The girl in front of her, she could see quite clearly as she rose up, had six fingers on her right hand. And there was one thing, probably the only thing, that she remembered from school history. King Henry the V111's second wife had six fingers on her right hand too, according to spiteful rumours at the time. The fact had fascinated her when she was growing up because she, too, had once had six fingers on her right hand. The smallest one had been removed by an inquisitive surgeon when she'd been in her younger years, much against her own will it must be said, but he'd done it any way, and as far as she was concerned she still had that sixth finger. She could feel it sometimes, on that right hand, and the feeling was akin to the best of all physical sensations. That finger could be tickled and pleasured, but not being really there it couldn't be hurt, and that was a definite bonus in days when youngsters were still being thrashed across the hand if they breathed out of place.

That sixth finger had marked her out, in the eyes of the superstitious, as a future witch, and that was something she heartily approved of even though she had suspected for most of her life that it might well be untrue. For most of her years she had been a crotchety old woman even when she'd been young, the sort who had always seemed old and set in her ways. It was, after all, only in her old age that she had discovered that things she had always wanted to be able to do were, in fact, possible.

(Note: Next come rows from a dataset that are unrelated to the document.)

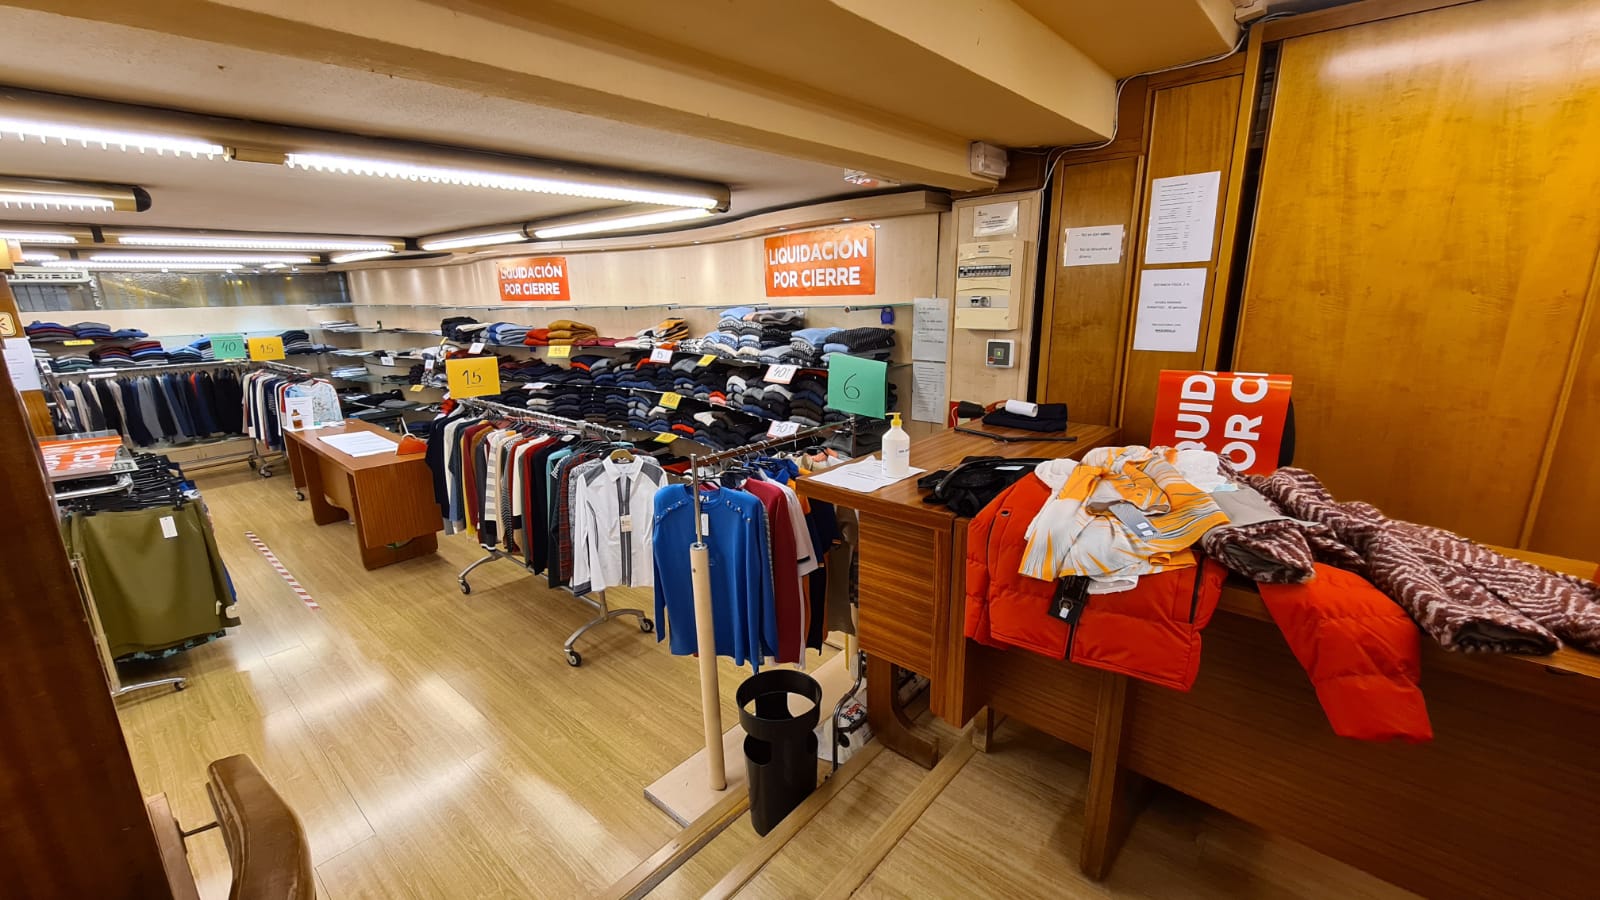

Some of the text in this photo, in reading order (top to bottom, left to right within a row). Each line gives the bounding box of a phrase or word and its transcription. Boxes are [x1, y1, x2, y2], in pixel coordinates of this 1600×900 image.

[768, 234, 868, 265] LIQUIDACIÓN
[500, 262, 563, 279] LIQUIDACIÓN
[773, 266, 861, 288] POR CIERRE
[504, 282, 560, 295] POR CIERRE
[462, 368, 482, 385] 15
[843, 373, 861, 400] 6

She fixed the brazen young leotard-clad woman with her most fearful eyes, and then smiled.

Well, mistress Boleyn, I presume,” she purred. “It's so good to see that you managed to keep your head when all about you were losing theirs! And such a pretty head it is too!”

So you know who I am,” spluttered the six-fingered girl.

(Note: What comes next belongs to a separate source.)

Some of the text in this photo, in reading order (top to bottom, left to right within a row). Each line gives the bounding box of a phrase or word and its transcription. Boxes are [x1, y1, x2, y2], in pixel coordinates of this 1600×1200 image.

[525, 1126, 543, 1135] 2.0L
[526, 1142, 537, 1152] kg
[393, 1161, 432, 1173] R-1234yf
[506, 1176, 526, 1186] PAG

Griselda inclined her head, smiling. “I presume some innocent waif or stray took your place on the block when the time came for you to have a close hair-cut,” she said, quietly. “I presume you have been plagued by guilt ever since? Think of it: more than five hundred years of guilt! It must have fair got your knickers in a twist! Is that why you wear a leotard?”

You know nothing!” spat the newly-revealed Anne Boleyn. “I was queen of all this realm and favourite of podgy Hal, and I intend to live for as long as it takes me to become queen again!”

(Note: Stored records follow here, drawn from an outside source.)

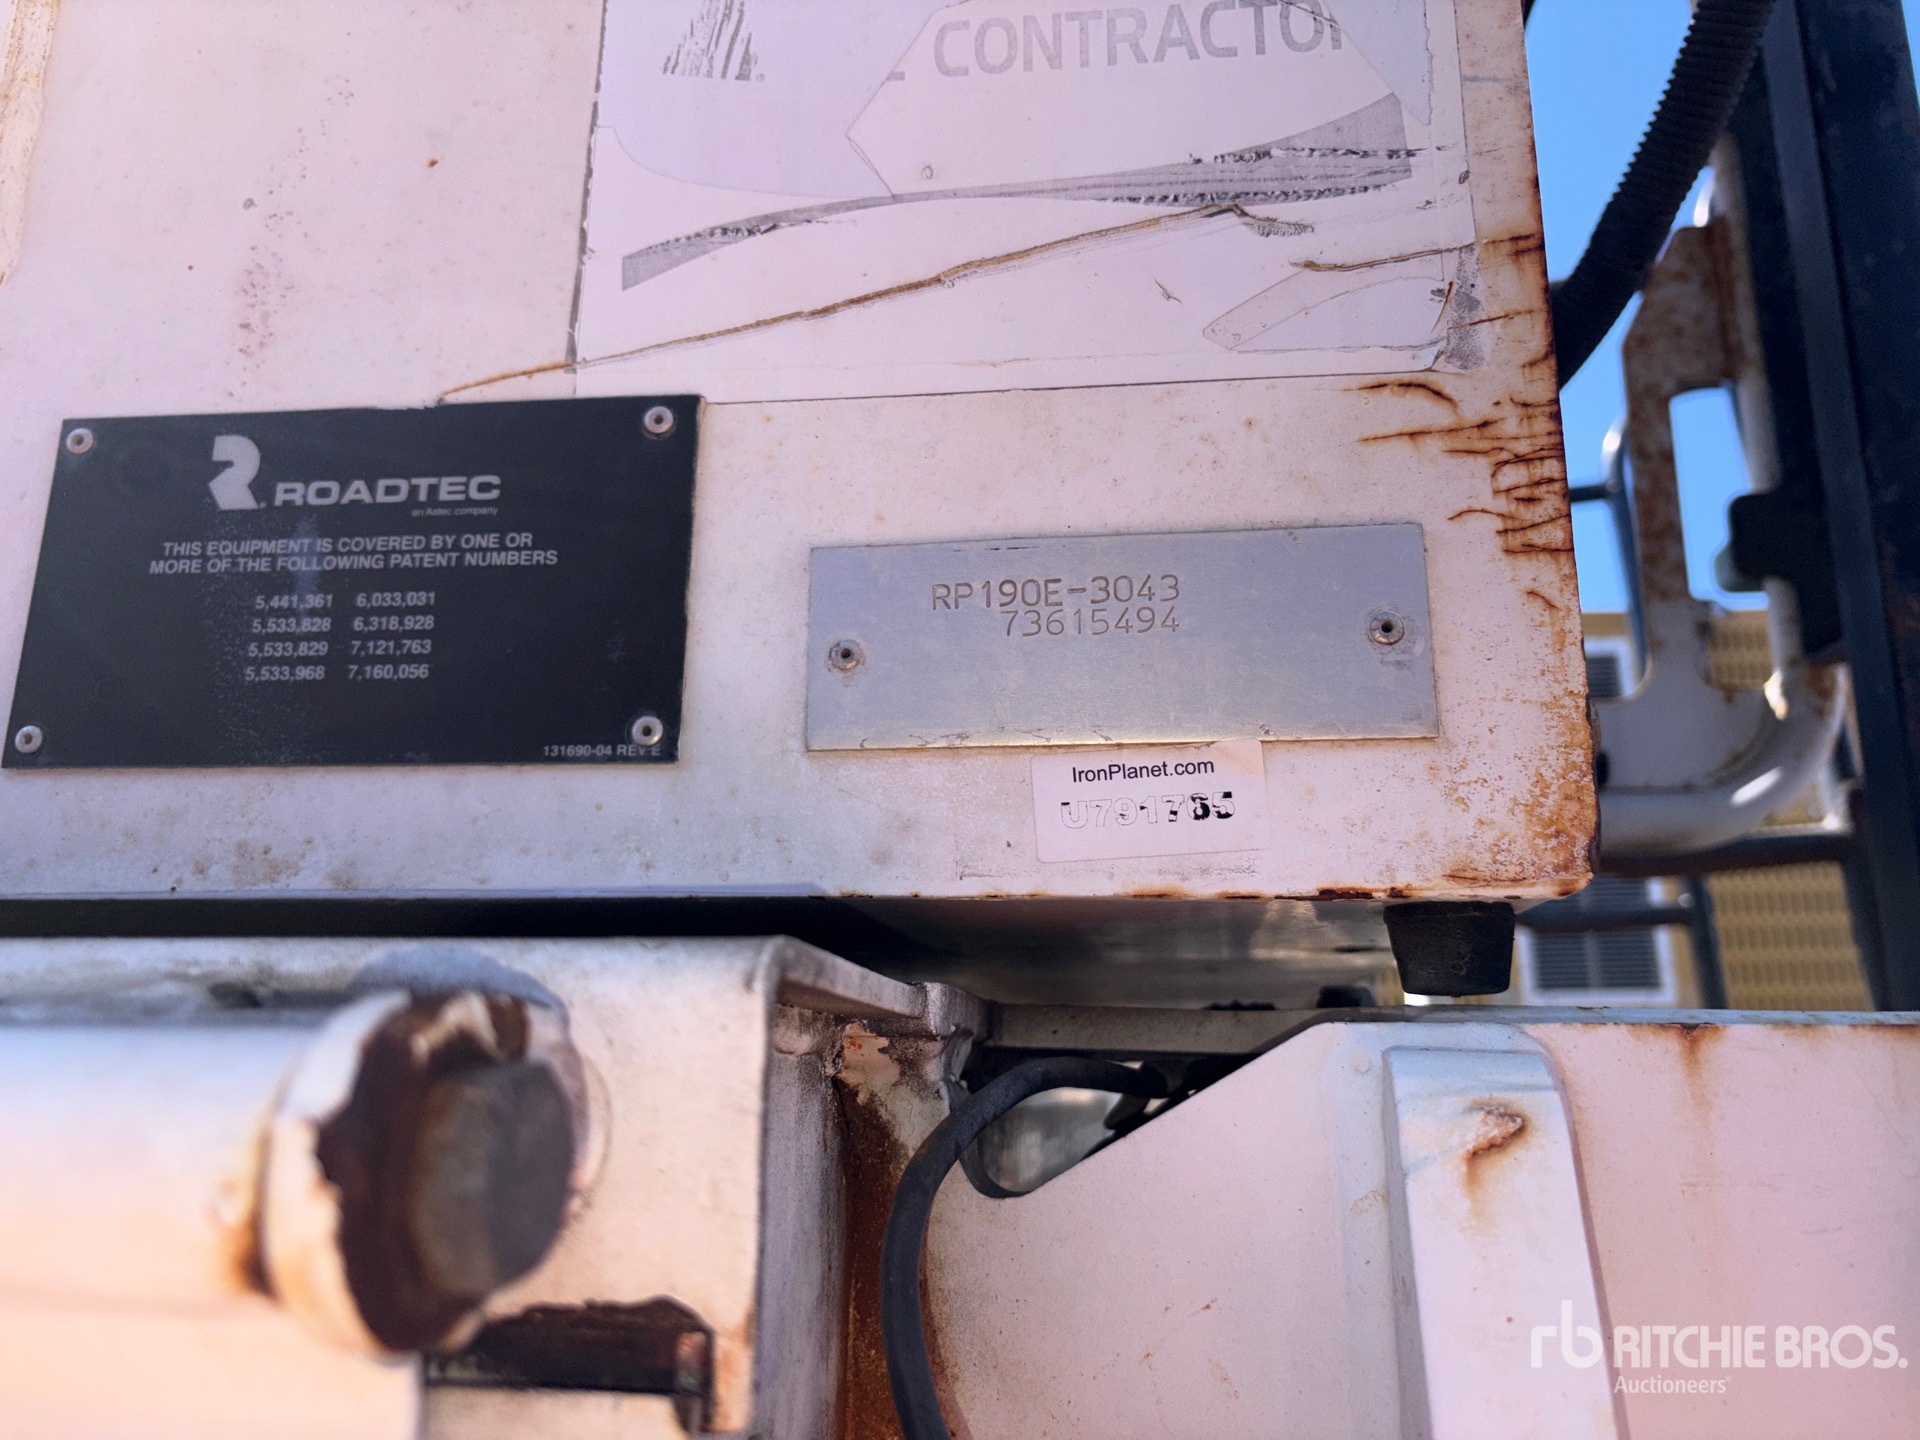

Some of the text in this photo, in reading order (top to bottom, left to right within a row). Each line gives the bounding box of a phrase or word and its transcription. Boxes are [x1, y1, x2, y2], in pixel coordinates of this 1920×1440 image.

[274, 475, 501, 506] ROADTEC
[454, 506, 499, 516] company
[163, 532, 533, 557] THIS EQUIPMENT IS COVERED BY ONE OR
[149, 550, 558, 575] MORE OF THE FOLLOWING PATENT NUMBERS
[254, 591, 436, 611] 5,441,361 6,033,031
[931, 573, 1181, 610] RP190E-3043
[251, 615, 435, 635] 5,533,828 6,318,928
[1000, 606, 1181, 637] 73615494
[248, 639, 432, 659] 5,533,829 7,121,763
[244, 664, 430, 683] 5,533,968 7,160,056
[543, 744, 613, 757] 131690-04
[1071, 760, 1216, 783] IronPlanet.com

That might be quite a long time,” suggested Griselda. “But I don't object to ambition, for that's what it is. You're a witch and you married a king, but being young and shallow you lacked the spells to hang on to him! Not so bright, really.”

Just a moment there!” intervened a snappy Miss Damienne Bustthruster. “I'm in charge here and I won't have this kind of behaviour in my lecture!”

I'm afraid you're wrong because Professor Stroggleoff will tell you that I'm the one in charge here!” snapped the Boleyn woman. “After all, if nothing else I'm the oldest by far! And I can say that now that you ...” here she gesticulated in the direction of Griselda Entwhistle “... now that you've blown my cover!”

Your sixth little pinky did that,” sniffed Griselda. “I don't know why you imprison yourself in a dump like this! That Professor bloke is a creep to start with, and you're pretty enough to make it just about anywhere.”

Pretty never did anything for a woman!” hissed Miss Damienne Bustthruster. “A woman is a great deal more than pretty! She's intelligence, artfulness, plenty of stuff besides simply pretty...”

That's true. Just look at me!” murmured Griselda, her gnarled old features forming a virtually toothless grin.

Silence!” ordered Anne Boleyn. “I stay here because here is where I get my tincture of life! Without Professor Stroggleoff and his skills I'd grow old and die before my time, and I'm not going to do that! So that's the way it's going to stay!”

I've long suspected there was something special about you,” began Miss Bustthruster slowly. “I've worked here long enough to notice you don't seem to grow any older as the years pass, and follow the same courses year after year as if you were constantly failing your exams, which you never seem to sit. But if you've got your hands on a tincture of life I want a taste of it!”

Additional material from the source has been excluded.